> Your objective
Would you reproduce the data below exactly, please, leaving out its images?

> Data to examine
╔══

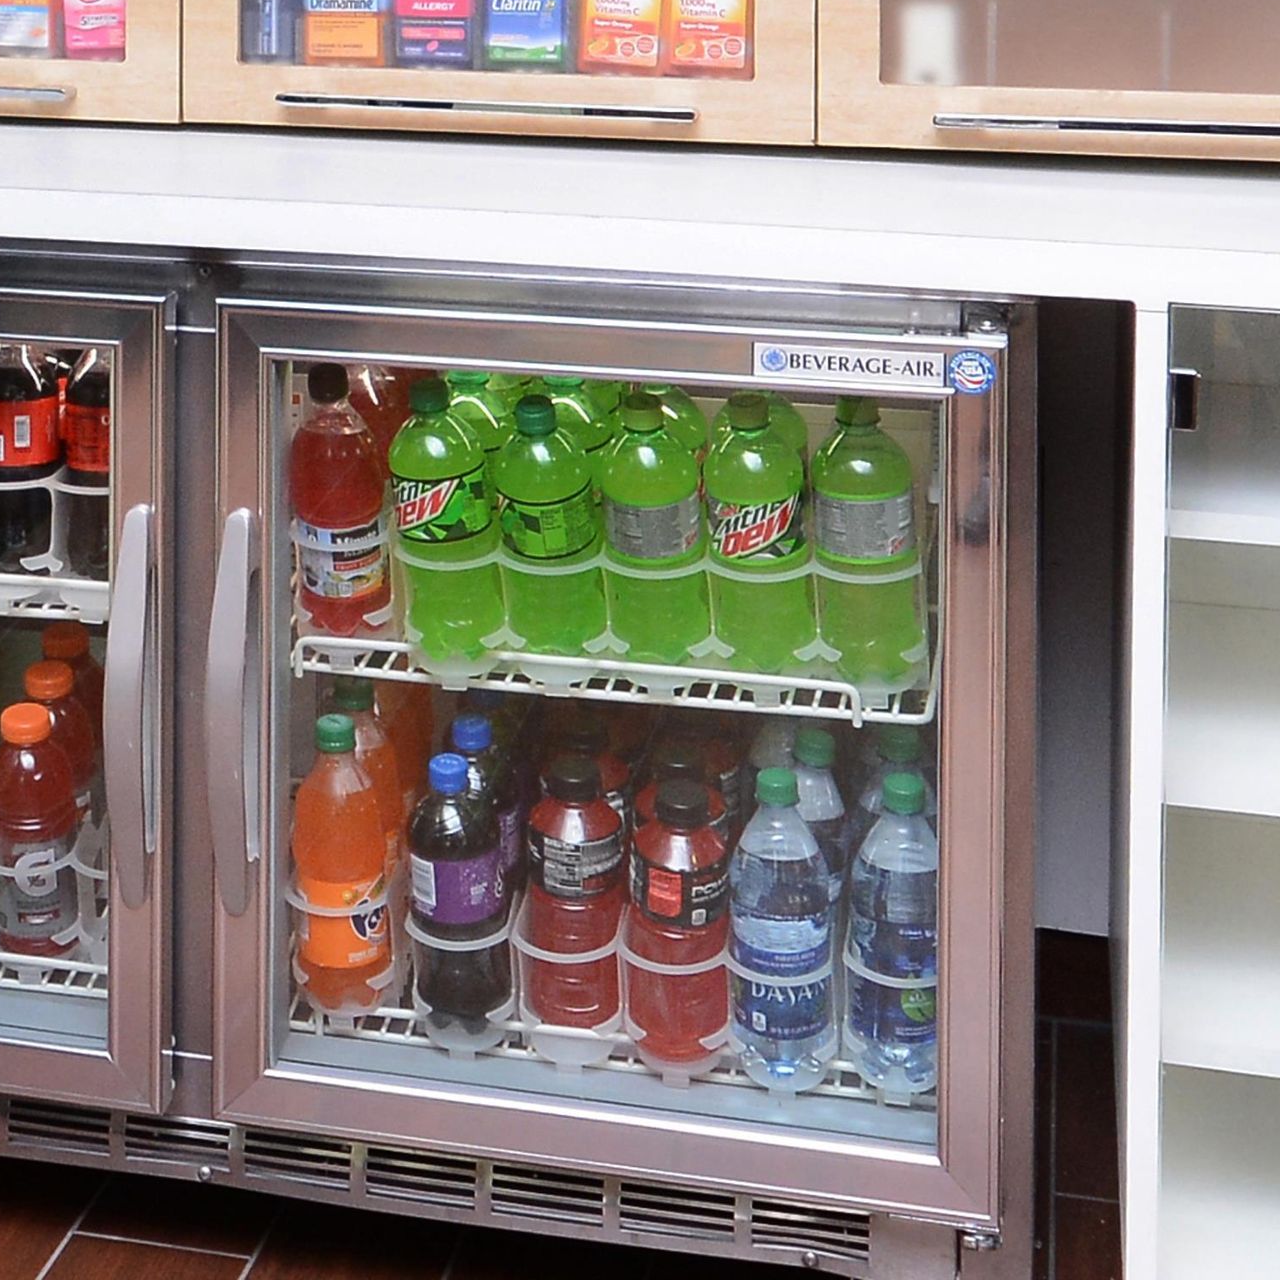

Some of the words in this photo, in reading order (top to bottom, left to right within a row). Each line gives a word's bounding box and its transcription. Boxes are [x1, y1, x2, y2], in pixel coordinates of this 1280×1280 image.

[411, 2, 457, 11] ALLERGY
[594, 5, 632, 15] Vitamin
[633, 8, 641, 17] C
[679, 7, 718, 17] Vitamin
[719, 9, 727, 18] C
[789, 354, 935, 377] BEVERAGE-AIR
[751, 978, 825, 1005] DASAN
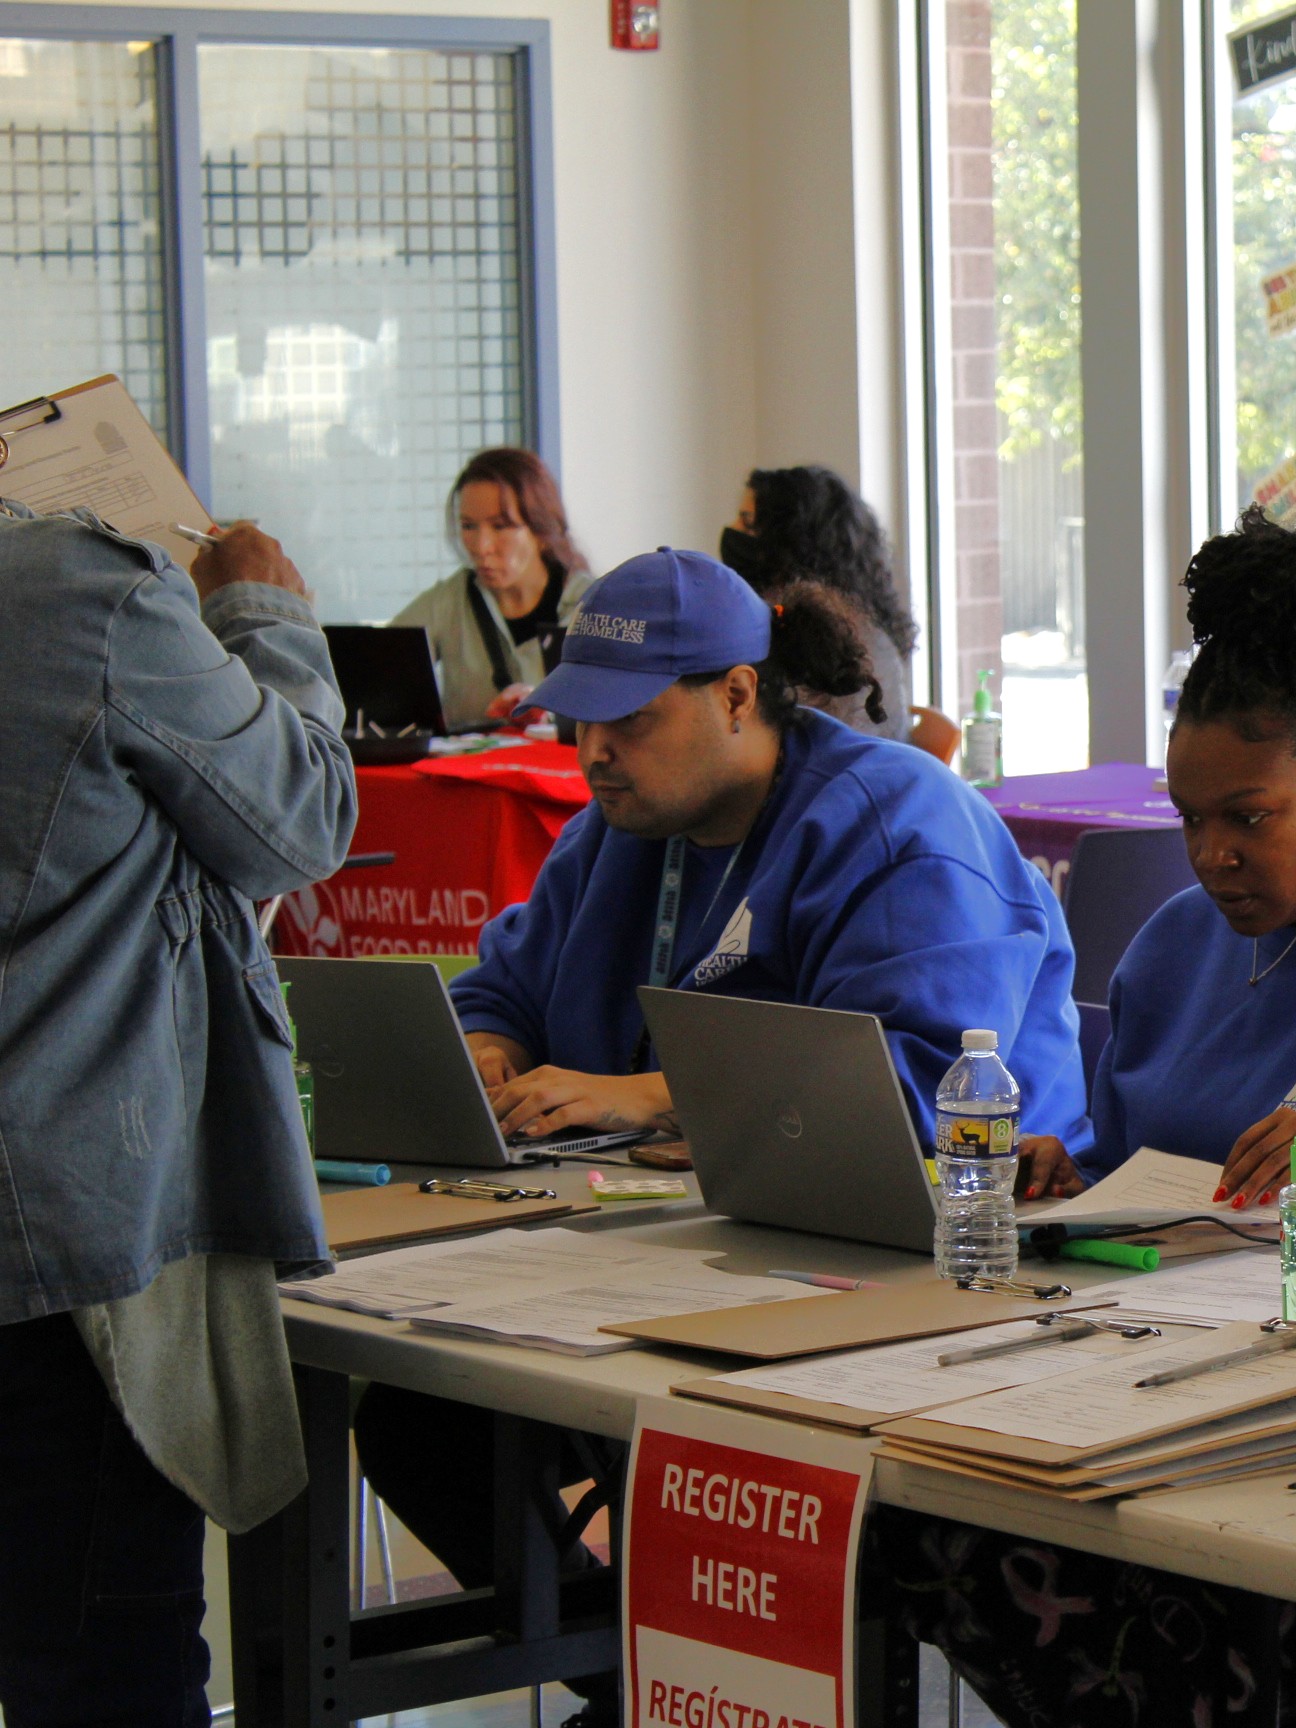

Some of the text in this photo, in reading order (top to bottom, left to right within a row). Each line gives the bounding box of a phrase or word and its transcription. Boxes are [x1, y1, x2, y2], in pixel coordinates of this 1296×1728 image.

╚══

> Result for this exercise
Some of the words in this photo, in reading order (top to bottom, left to right within a row). Each line gives a word's bounding box and its transcription. Boxes are [x1, y1, x2, y2], in pixel coordinates of this 1280×1280 image.

[411, 2, 457, 11] ALLERGY
[594, 5, 632, 15] Vitamin
[633, 8, 641, 17] C
[679, 7, 718, 17] Vitamin
[719, 9, 727, 18] C
[789, 354, 935, 377] BEVERAGE-AIR
[751, 978, 825, 1005] DASAN

Some of the text in this photo, in reading order (top to bottom, left to right within a row). Each line gives the bounding box of a phrase or word and its transcription. Boxes are [x1, y1, x2, y2], in pixel coordinates of this 1296×1728 image.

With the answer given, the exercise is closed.